Liz Malia has been a JP resident since 1970 and for almost 20 years she has served as a Massachusetts State Representative. Today we are talking with Representative Malia about her career in politics, the importance of the Francis Grady Apartments, and the one time she was arrested for a boycott.
K: Where are you from originally? Where do you live now?
L: I am originally from Endicott, New York. I came to Boston to attend the School of Education at Boston College in 1967. My senior year, I moved to an apartment on Hall Street. It was my introduction to JP, where I’ve lived since 1970. I’ve lived in Hyde Square and down by Forest Hills. Today I live on Child Street.
K: How and when did you start your work in politics?
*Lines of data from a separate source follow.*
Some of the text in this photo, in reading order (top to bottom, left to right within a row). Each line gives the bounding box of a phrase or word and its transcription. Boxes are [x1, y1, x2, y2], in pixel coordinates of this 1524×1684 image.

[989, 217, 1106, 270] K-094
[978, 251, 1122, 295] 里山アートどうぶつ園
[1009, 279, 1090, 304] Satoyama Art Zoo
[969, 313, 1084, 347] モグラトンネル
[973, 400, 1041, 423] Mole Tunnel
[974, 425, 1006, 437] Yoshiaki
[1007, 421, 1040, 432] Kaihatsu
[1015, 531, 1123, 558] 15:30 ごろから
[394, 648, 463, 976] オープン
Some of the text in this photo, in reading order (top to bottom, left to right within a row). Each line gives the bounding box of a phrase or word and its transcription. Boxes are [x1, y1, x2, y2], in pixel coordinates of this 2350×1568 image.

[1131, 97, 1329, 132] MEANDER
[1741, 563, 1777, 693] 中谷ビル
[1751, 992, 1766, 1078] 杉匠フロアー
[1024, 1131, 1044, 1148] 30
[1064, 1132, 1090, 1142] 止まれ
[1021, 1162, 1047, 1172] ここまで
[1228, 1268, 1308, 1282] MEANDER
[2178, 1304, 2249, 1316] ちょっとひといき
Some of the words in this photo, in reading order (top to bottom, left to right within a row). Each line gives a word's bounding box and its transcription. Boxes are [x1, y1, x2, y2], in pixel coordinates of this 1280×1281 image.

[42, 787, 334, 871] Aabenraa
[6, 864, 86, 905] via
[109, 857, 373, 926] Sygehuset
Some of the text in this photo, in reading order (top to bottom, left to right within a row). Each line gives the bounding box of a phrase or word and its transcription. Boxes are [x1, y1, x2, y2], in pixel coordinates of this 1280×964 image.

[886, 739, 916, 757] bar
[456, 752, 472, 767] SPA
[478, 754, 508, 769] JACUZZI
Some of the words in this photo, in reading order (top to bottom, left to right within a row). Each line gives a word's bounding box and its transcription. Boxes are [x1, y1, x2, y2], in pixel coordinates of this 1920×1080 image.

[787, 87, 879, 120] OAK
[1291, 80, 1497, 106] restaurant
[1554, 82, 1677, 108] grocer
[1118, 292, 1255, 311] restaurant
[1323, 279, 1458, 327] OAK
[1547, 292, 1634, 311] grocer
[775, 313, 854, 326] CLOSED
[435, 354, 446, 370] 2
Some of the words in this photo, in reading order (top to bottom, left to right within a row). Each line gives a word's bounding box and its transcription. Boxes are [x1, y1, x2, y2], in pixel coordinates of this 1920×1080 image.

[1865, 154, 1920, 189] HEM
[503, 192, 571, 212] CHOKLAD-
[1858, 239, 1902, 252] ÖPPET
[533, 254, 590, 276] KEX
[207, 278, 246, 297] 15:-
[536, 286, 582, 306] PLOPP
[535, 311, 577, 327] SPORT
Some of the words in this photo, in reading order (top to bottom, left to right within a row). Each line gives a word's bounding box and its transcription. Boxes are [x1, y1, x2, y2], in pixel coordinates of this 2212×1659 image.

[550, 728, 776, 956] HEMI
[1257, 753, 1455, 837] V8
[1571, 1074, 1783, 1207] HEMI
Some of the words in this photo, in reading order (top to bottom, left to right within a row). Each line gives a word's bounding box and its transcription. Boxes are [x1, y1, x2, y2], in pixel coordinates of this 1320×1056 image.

L: I have kind of a mish-mash background. Way back, I did outreach to migrant agricultural workers in Upstate New York. I got a great education in Boston, but there weren’t a lot of public school jobs available when I graduated. The Boston Center for Blind Children was one of my first jobs. I worked in several advocacy positions and frequently with special needs youth. Eventually, I made my way to what is now SEIU-1199. I worked for them back in the mid-’80’s when there wasn’t much of a presence in the area. Anti-war activism and the bargaining table gave me my first tastes of organizing power.
JP was where I lived and such a home for activists that I got involved outside of work, too. We had the first neighborhood council in the city, and I was appointed to it. The Lesbian and Gay Neighbors of JP was another place I got really involved. Large national organizations didn’t exist, but JPers supported the gay rights movement, even in the beginning. We met up on a regular basis and connected with each other to provide some mutual support. One of our biggest accomplishments was a float in the Pride parade. It was unusual and very JP.
Around the end of the ’80s, I heard about and was intrigued by the Women in Politics and Government Program at BC. There were a couple of real hot shot woman running the program named Elizabeth Sherman and Betty Taymor. The program was a great place for me to gain some academic skills and a better understanding of crafting policy. When I finished, I needed a job, and someone told me there was an opening at State Representative John McDonough’s office. I wasn’t sure if I wanted to work ninety hours a week with minimum pay even though I loved John. I had to be pushed a bit but I wanted to get started and I knew working for him was a great opportunity. I took that job, and I’ve been working at the State House ever since.
John’s background in housing and healthcare helped start JPNDC. He worked a lot with JPNDC around housing issues. He had deep ties in Egleston Square which was a neighborhood that was being overlooked at the time by almost everybody. There were some early plans that John was involved in that included economic development in Egleston Square. That was how I got to know JPNDC. John was a part of the 1986 Health Care Finance Reform bill which was the basis for the Patient Protection and Affordable Care Act or Obama Care. I was working on issues that I really cared about. It was worth ten years of college to be there for just one year. When John’s seat suddenly opened I decided to run for it. The first few campaigns I ran, I had some challenges, but I really grew into it and learned. I had a challenger this past election cycle. I believe challengers can be restorative, and they help me to connect better with my constituents.